EXERCISE REQUIREMENTS: Every entry that follows is to be duplicated exactly.

GIVEN RECORDS:
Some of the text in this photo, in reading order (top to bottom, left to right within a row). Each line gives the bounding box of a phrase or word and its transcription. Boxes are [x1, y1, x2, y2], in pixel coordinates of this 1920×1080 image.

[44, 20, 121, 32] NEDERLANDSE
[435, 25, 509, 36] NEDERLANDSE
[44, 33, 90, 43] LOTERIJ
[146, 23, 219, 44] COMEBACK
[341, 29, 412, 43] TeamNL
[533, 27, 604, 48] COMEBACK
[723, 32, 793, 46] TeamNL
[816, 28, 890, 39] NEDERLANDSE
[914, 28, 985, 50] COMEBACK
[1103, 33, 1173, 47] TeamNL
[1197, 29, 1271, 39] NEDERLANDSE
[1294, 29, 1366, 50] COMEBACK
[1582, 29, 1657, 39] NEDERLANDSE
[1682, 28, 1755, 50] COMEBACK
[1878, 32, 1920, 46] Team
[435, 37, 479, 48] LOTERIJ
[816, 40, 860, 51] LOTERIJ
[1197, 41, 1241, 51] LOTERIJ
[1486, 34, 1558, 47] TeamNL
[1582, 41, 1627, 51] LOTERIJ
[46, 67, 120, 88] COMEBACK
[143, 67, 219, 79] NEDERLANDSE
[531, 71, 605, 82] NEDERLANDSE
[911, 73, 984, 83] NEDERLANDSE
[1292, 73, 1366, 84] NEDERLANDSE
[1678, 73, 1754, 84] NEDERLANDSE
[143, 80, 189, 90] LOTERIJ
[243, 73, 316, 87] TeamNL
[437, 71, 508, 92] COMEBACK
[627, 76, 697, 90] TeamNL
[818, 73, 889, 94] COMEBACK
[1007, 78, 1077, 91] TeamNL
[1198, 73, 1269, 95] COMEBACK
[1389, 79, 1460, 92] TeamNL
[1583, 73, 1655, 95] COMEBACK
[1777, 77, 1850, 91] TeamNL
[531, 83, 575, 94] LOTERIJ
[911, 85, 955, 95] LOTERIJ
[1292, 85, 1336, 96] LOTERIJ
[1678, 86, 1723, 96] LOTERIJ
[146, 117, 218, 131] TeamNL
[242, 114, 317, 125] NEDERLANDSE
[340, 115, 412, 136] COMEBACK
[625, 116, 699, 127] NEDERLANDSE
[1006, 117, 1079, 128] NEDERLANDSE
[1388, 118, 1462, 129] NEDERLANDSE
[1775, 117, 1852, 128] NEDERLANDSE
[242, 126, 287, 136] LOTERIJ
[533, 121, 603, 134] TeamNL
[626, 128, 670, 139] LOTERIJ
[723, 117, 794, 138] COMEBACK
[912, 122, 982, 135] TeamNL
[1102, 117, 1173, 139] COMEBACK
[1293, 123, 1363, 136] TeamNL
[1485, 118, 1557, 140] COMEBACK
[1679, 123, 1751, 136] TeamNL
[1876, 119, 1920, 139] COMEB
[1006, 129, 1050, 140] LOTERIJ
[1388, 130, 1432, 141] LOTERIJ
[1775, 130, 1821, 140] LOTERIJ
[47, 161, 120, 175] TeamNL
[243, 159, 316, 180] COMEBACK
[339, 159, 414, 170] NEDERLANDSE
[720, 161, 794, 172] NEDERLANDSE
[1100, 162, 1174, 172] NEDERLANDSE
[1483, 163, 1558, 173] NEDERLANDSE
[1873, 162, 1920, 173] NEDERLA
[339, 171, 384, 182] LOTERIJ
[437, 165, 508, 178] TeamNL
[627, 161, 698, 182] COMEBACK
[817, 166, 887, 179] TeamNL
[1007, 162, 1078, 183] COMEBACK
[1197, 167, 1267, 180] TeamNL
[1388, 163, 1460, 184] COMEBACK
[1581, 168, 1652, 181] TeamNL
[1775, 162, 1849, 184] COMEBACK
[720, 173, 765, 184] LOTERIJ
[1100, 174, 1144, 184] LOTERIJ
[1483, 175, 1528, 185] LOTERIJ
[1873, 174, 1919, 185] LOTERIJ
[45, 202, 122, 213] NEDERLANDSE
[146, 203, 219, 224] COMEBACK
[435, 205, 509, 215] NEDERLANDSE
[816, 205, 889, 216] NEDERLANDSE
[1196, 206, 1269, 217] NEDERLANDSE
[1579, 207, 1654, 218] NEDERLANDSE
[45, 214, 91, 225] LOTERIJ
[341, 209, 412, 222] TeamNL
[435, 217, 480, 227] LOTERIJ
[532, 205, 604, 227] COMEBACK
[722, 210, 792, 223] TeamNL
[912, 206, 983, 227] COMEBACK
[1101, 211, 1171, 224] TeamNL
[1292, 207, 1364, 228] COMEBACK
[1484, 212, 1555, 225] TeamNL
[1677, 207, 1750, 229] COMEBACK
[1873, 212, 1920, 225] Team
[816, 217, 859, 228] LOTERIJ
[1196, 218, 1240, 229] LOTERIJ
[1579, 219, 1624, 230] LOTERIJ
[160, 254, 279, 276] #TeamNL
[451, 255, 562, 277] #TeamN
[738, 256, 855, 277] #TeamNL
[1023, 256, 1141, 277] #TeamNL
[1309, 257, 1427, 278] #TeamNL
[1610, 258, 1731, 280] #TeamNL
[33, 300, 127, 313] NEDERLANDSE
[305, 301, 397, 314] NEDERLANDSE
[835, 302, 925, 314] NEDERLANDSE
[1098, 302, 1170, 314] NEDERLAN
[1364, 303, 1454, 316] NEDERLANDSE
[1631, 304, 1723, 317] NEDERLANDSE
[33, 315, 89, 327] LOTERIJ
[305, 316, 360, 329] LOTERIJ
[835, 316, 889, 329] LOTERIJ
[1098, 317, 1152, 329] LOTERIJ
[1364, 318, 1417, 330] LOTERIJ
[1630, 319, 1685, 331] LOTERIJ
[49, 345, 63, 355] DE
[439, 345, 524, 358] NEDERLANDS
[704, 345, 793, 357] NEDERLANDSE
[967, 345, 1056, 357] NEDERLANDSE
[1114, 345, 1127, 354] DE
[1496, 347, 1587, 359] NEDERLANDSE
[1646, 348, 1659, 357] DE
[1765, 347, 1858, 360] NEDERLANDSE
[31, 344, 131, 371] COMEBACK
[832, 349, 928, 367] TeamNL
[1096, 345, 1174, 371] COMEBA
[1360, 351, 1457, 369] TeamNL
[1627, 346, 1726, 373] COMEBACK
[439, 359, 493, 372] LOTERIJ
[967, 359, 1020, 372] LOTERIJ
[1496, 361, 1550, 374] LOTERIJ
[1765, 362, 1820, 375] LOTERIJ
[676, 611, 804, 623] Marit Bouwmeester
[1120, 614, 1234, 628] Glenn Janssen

ANSWER SPACE:
Some of the text in this photo, in reading order (top to bottom, left to right within a row). Each line gives the bounding box of a phrase or word and its transcription. Boxes are [x1, y1, x2, y2], in pixel coordinates of this 1920×1080 image.

[44, 20, 121, 32] NEDERLANDSE
[435, 25, 509, 36] NEDERLANDSE
[44, 33, 90, 43] LOTERIJ
[146, 23, 219, 44] COMEBACK
[341, 29, 412, 43] TeamNL
[533, 27, 604, 48] COMEBACK
[723, 32, 793, 46] TeamNL
[816, 28, 890, 39] NEDERLANDSE
[914, 28, 985, 50] COMEBACK
[1103, 33, 1173, 47] TeamNL
[1197, 29, 1271, 39] NEDERLANDSE
[1294, 29, 1366, 50] COMEBACK
[1582, 29, 1657, 39] NEDERLANDSE
[1682, 28, 1755, 50] COMEBACK
[1878, 32, 1920, 46] Team
[435, 37, 479, 48] LOTERIJ
[816, 40, 860, 51] LOTERIJ
[1197, 41, 1241, 51] LOTERIJ
[1486, 34, 1558, 47] TeamNL
[1582, 41, 1627, 51] LOTERIJ
[46, 67, 120, 88] COMEBACK
[143, 67, 219, 79] NEDERLANDSE
[531, 71, 605, 82] NEDERLANDSE
[911, 73, 984, 83] NEDERLANDSE
[1292, 73, 1366, 84] NEDERLANDSE
[1678, 73, 1754, 84] NEDERLANDSE
[143, 80, 189, 90] LOTERIJ
[243, 73, 316, 87] TeamNL
[437, 71, 508, 92] COMEBACK
[627, 76, 697, 90] TeamNL
[818, 73, 889, 94] COMEBACK
[1007, 78, 1077, 91] TeamNL
[1198, 73, 1269, 95] COMEBACK
[1389, 79, 1460, 92] TeamNL
[1583, 73, 1655, 95] COMEBACK
[1777, 77, 1850, 91] TeamNL
[531, 83, 575, 94] LOTERIJ
[911, 85, 955, 95] LOTERIJ
[1292, 85, 1336, 96] LOTERIJ
[1678, 86, 1723, 96] LOTERIJ
[146, 117, 218, 131] TeamNL
[242, 114, 317, 125] NEDERLANDSE
[340, 115, 412, 136] COMEBACK
[625, 116, 699, 127] NEDERLANDSE
[1006, 117, 1079, 128] NEDERLANDSE
[1388, 118, 1462, 129] NEDERLANDSE
[1775, 117, 1852, 128] NEDERLANDSE
[242, 126, 287, 136] LOTERIJ
[533, 121, 603, 134] TeamNL
[626, 128, 670, 139] LOTERIJ
[723, 117, 794, 138] COMEBACK
[912, 122, 982, 135] TeamNL
[1102, 117, 1173, 139] COMEBACK
[1293, 123, 1363, 136] TeamNL
[1485, 118, 1557, 140] COMEBACK
[1679, 123, 1751, 136] TeamNL
[1876, 119, 1920, 139] COMEB
[1006, 129, 1050, 140] LOTERIJ
[1388, 130, 1432, 141] LOTERIJ
[1775, 130, 1821, 140] LOTERIJ
[47, 161, 120, 175] TeamNL
[243, 159, 316, 180] COMEBACK
[339, 159, 414, 170] NEDERLANDSE
[720, 161, 794, 172] NEDERLANDSE
[1100, 162, 1174, 172] NEDERLANDSE
[1483, 163, 1558, 173] NEDERLANDSE
[1873, 162, 1920, 173] NEDERLA
[339, 171, 384, 182] LOTERIJ
[437, 165, 508, 178] TeamNL
[627, 161, 698, 182] COMEBACK
[817, 166, 887, 179] TeamNL
[1007, 162, 1078, 183] COMEBACK
[1197, 167, 1267, 180] TeamNL
[1388, 163, 1460, 184] COMEBACK
[1581, 168, 1652, 181] TeamNL
[1775, 162, 1849, 184] COMEBACK
[720, 173, 765, 184] LOTERIJ
[1100, 174, 1144, 184] LOTERIJ
[1483, 175, 1528, 185] LOTERIJ
[1873, 174, 1919, 185] LOTERIJ
[45, 202, 122, 213] NEDERLANDSE
[146, 203, 219, 224] COMEBACK
[435, 205, 509, 215] NEDERLANDSE
[816, 205, 889, 216] NEDERLANDSE
[1196, 206, 1269, 217] NEDERLANDSE
[1579, 207, 1654, 218] NEDERLANDSE
[45, 214, 91, 225] LOTERIJ
[341, 209, 412, 222] TeamNL
[435, 217, 480, 227] LOTERIJ
[532, 205, 604, 227] COMEBACK
[722, 210, 792, 223] TeamNL
[912, 206, 983, 227] COMEBACK
[1101, 211, 1171, 224] TeamNL
[1292, 207, 1364, 228] COMEBACK
[1484, 212, 1555, 225] TeamNL
[1677, 207, 1750, 229] COMEBACK
[1873, 212, 1920, 225] Team
[816, 217, 859, 228] LOTERIJ
[1196, 218, 1240, 229] LOTERIJ
[1579, 219, 1624, 230] LOTERIJ
[160, 254, 279, 276] #TeamNL
[451, 255, 562, 277] #TeamN
[738, 256, 855, 277] #TeamNL
[1023, 256, 1141, 277] #TeamNL
[1309, 257, 1427, 278] #TeamNL
[1610, 258, 1731, 280] #TeamNL
[33, 300, 127, 313] NEDERLANDSE
[305, 301, 397, 314] NEDERLANDSE
[835, 302, 925, 314] NEDERLANDSE
[1098, 302, 1170, 314] NEDERLAN
[1364, 303, 1454, 316] NEDERLANDSE
[1631, 304, 1723, 317] NEDERLANDSE
[33, 315, 89, 327] LOTERIJ
[305, 316, 360, 329] LOTERIJ
[835, 316, 889, 329] LOTERIJ
[1098, 317, 1152, 329] LOTERIJ
[1364, 318, 1417, 330] LOTERIJ
[1630, 319, 1685, 331] LOTERIJ
[49, 345, 63, 355] DE
[439, 345, 524, 358] NEDERLANDS
[704, 345, 793, 357] NEDERLANDSE
[967, 345, 1056, 357] NEDERLANDSE
[1114, 345, 1127, 354] DE
[1496, 347, 1587, 359] NEDERLANDSE
[1646, 348, 1659, 357] DE
[1765, 347, 1858, 360] NEDERLANDSE
[31, 344, 131, 371] COMEBACK
[832, 349, 928, 367] TeamNL
[1096, 345, 1174, 371] COMEBA
[1360, 351, 1457, 369] TeamNL
[1627, 346, 1726, 373] COMEBACK
[439, 359, 493, 372] LOTERIJ
[967, 359, 1020, 372] LOTERIJ
[1496, 361, 1550, 374] LOTERIJ
[1765, 362, 1820, 375] LOTERIJ
[676, 611, 804, 623] Marit Bouwmeester
[1120, 614, 1234, 628] Glenn Janssen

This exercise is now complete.